A party who first introduces either irrelevant or incompetent evidence cannot complain
of the subsequent admission of similar evidence from the adverse party relating to the
same subject matter. Conversely, the doctrine should not be invoked where evidence
was properly admitted.
MISCELLANEOUS DOCTRINES
1. Falsus in uno, falsus in omnibus - false in one thing, false in everything. It is particularly
applied to the testimony of a witness who may be considered unworthy of belief as to
all the rest of his evidence if he is shown to have testified falsely in one detail.

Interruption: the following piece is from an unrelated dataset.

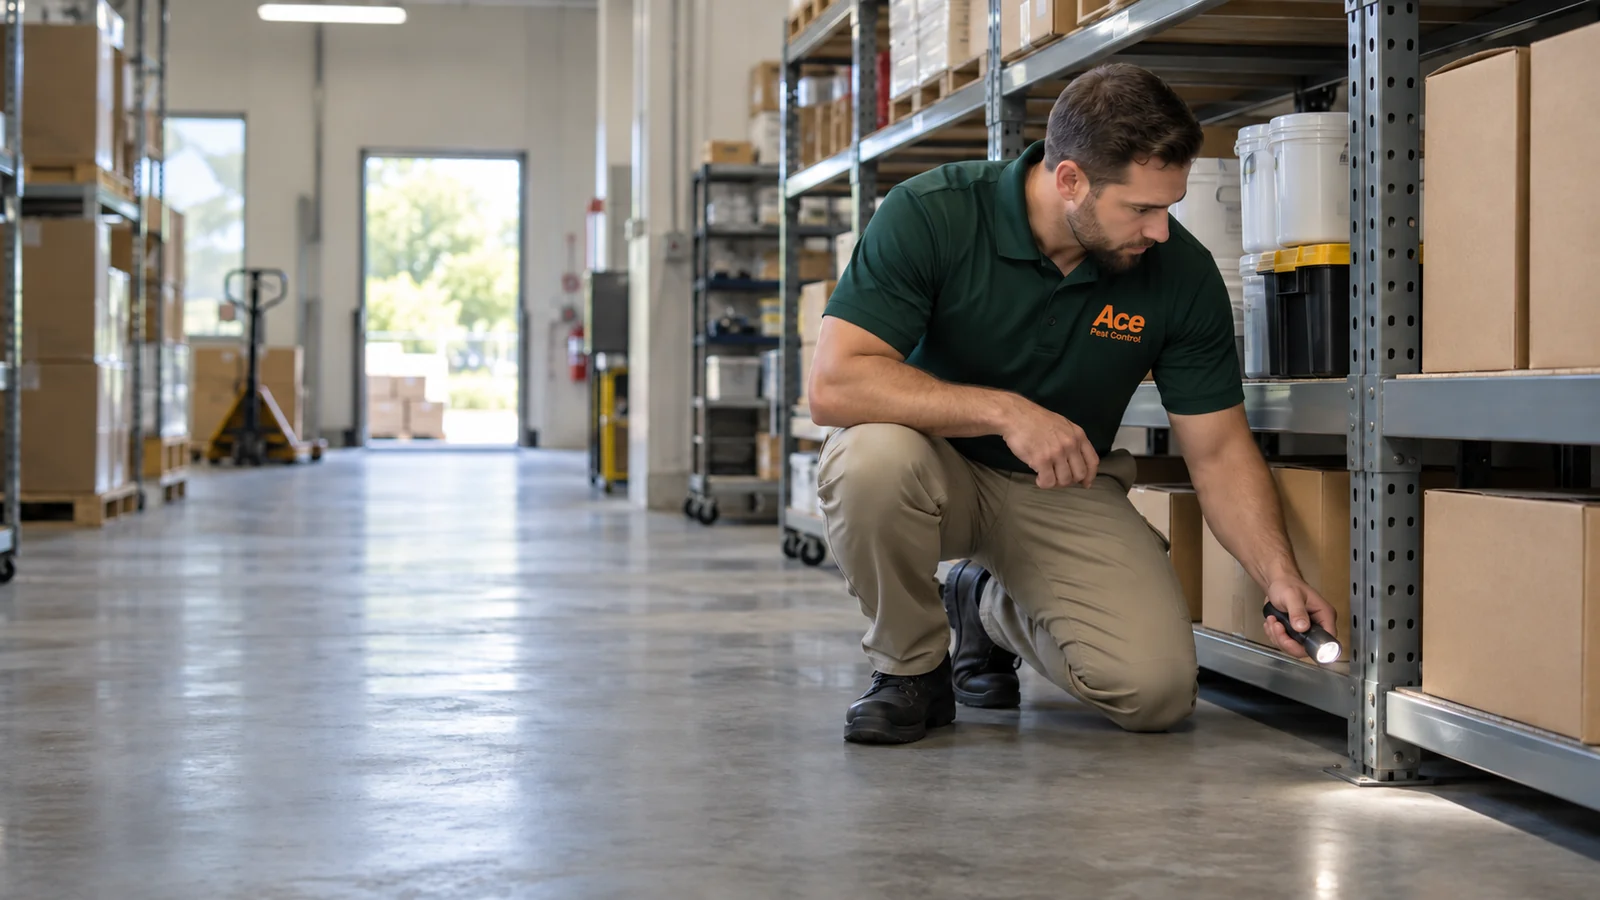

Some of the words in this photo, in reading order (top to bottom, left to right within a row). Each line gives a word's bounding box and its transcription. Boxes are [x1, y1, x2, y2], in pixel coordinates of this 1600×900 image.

[1092, 304, 1145, 333] Ace
[1090, 327, 1109, 338] Pest
[1110, 331, 1142, 343] Control

- The maxim is not an absolute rule of law and is, in fact, rarely applied in
modern jurisprudence. It deals only with the weight of evidence and is
not a positive rule of law. The rule is not an inflexible one of universal
application. Modern trend of jurisprudence favors more flexibility when
the testimony of a witness may be partly believed and partly
disbelieved depending on the corroborative evidence presented at the
trial.
2. Alibi – the defense of alibi is inherently weak and must be rejected when the identity of
the accused is satisfactorily and categorically established by the eyewitnesses to the
offense, especially when such eyewitnesses have no ill-motive to testify falsely. Positive
identification prevails over alibi since the latter can be easily fabricated and is inherently
unreliable
a. Alibi is not always false and without merit. Sometimes, the fact that the accused
was somewhere else may just be the plain and unvarnished truth. But to be
exonerating, the defense of alibi must be so airtight that it would not admit of no
exception.
b. While the defense of alibi is by nature a weak one, it assumes significance and
strength where the evidence for the prosecution is also intrinsically weak. The
rule that alibi is a weak defense has never been intended to change the burden
of proof in criminal cases.
c. For the defense of alibi to prosper, the requirements of time and place must be
strictly met. It is not enough to prove that the accused was somewhere else
when the crime was committed, but he must also demonstrate by clear and
convincing evidence that it was physically impossible for him to have been at the
scene of the crime at the time the same was committed.
3. FRAME-UP
a. The defense of frame-up is not looked upon with favor due to its being
conveniently concocted.
4. DELAY AND INITIAL RELUCTANCE IN REPORTING A CRIME
a. It is settled that the delay in the filing of a complaint before the proper
authorities would not impair the credibility of the complainant if such delay is
satisfactorily explained.
5. FLIGHT OR NON-FLIGHT
a. Flight per se is not synonymous with guilt. However, when flight is unexplained,
it is a circumstance from which an inference of guilt may be drawn.
6. RECANTATION
a. A recantation does not necessarily cancel an earlier declaration. The rule is
settled that in cases where the previous testimony is retracted and a subsequent
different, if not contrary, testimony is made by the same witness, the test to
decide which testimony to believe is one of comparison coupled with the
application of the general rules of evidence.